EXERCISE — Each line from the one containing "Some of the words" through the end of the data is to be written out exactly, and nothing more.

Data excerpts:
-- Opening Marker --

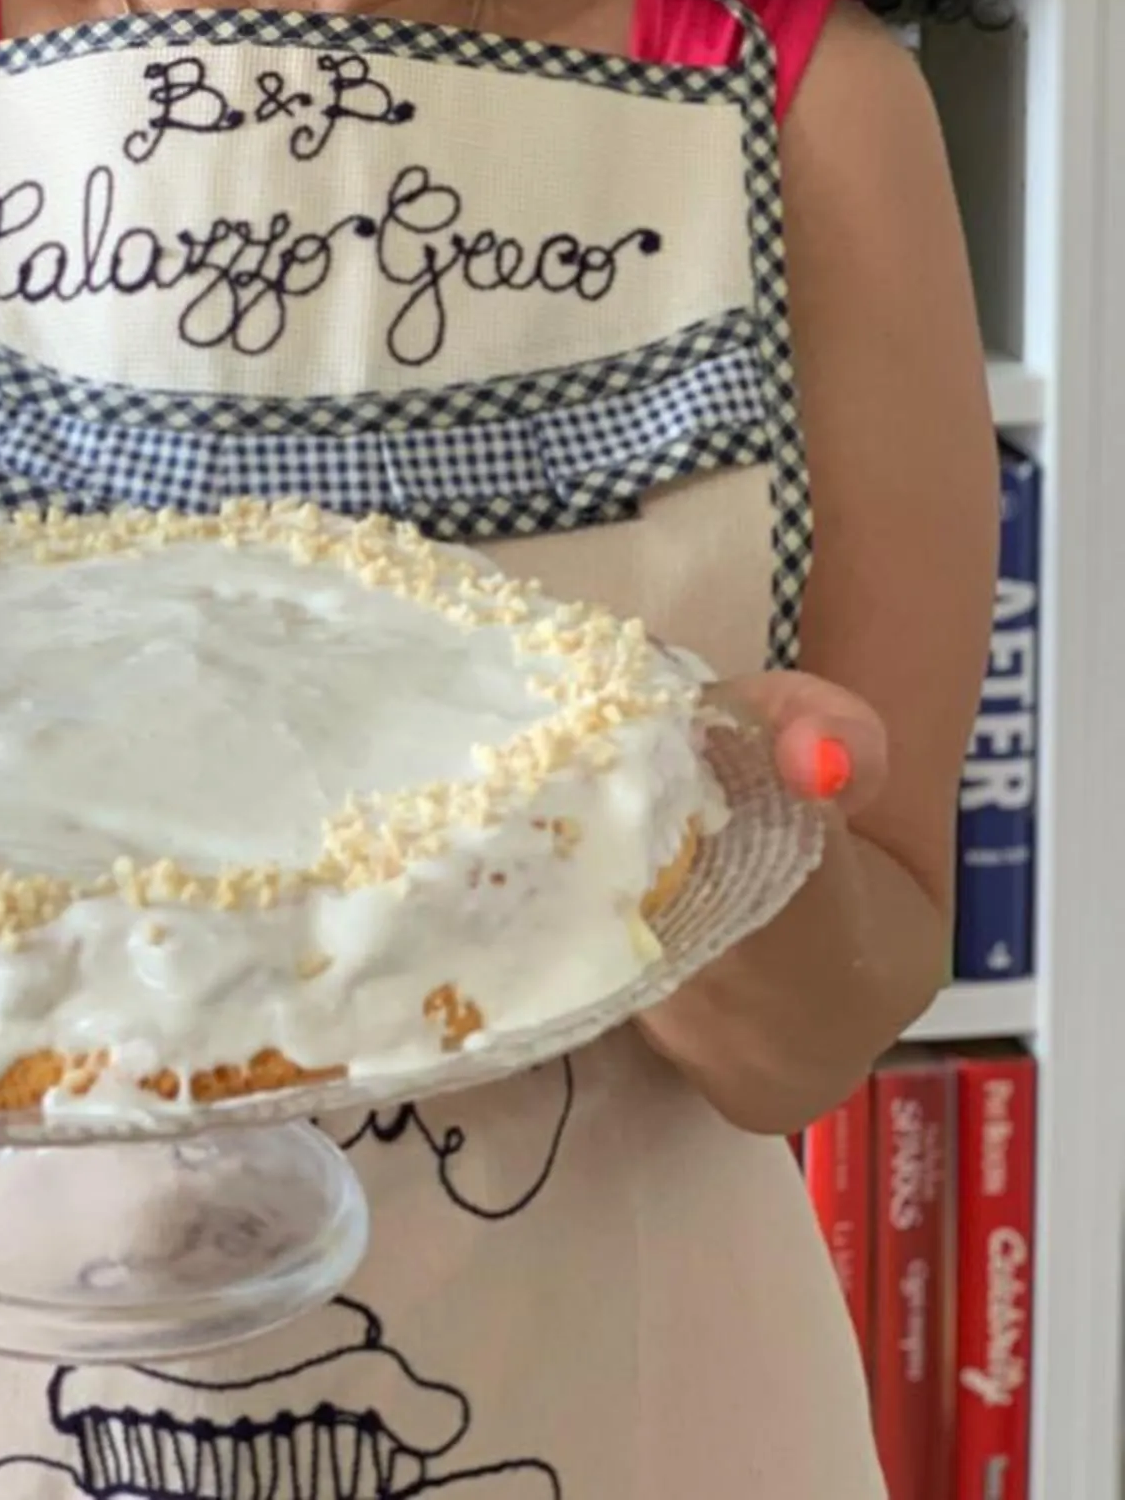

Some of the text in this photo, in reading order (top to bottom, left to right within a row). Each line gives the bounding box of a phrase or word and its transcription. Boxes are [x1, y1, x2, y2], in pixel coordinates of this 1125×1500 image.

[375, 164, 661, 367] Greco
[959, 576, 1036, 813] AFTER
[960, 1225, 1027, 1407] Celebrity
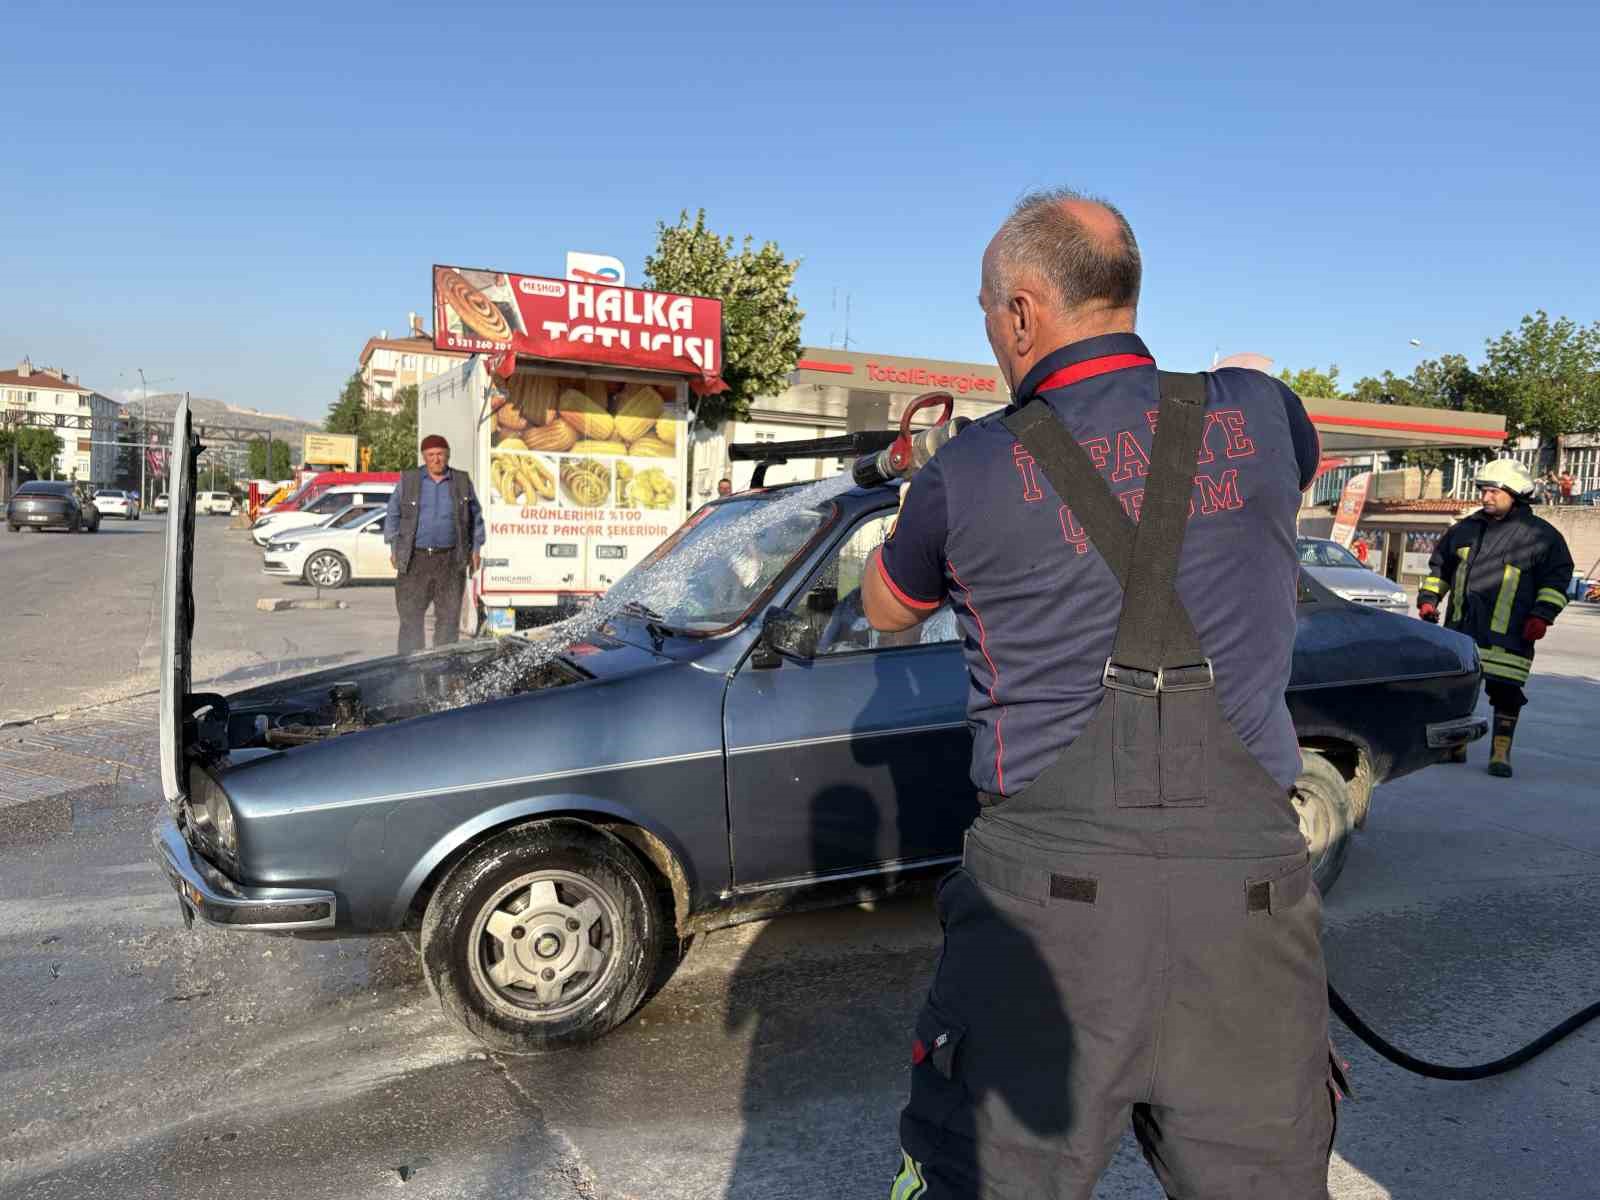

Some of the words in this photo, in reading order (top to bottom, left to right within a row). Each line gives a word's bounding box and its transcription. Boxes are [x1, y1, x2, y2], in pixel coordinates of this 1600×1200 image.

[568, 284, 693, 331] HALKA
[866, 361, 998, 393] TotalEnergies
[608, 510, 642, 521] %100
[553, 525, 603, 537] PANCAR

-- Closing Marker --

RESPONSE BELOW —
Some of the words in this photo, in reading order (top to bottom, left to right within a row). Each line gives a word's bounding box and its transcription. Boxes are [x1, y1, x2, y2], in pixel coordinates of this 1600×1200 image.

[568, 284, 693, 331] HALKA
[866, 361, 998, 393] TotalEnergies
[608, 510, 642, 521] %100
[553, 525, 603, 537] PANCAR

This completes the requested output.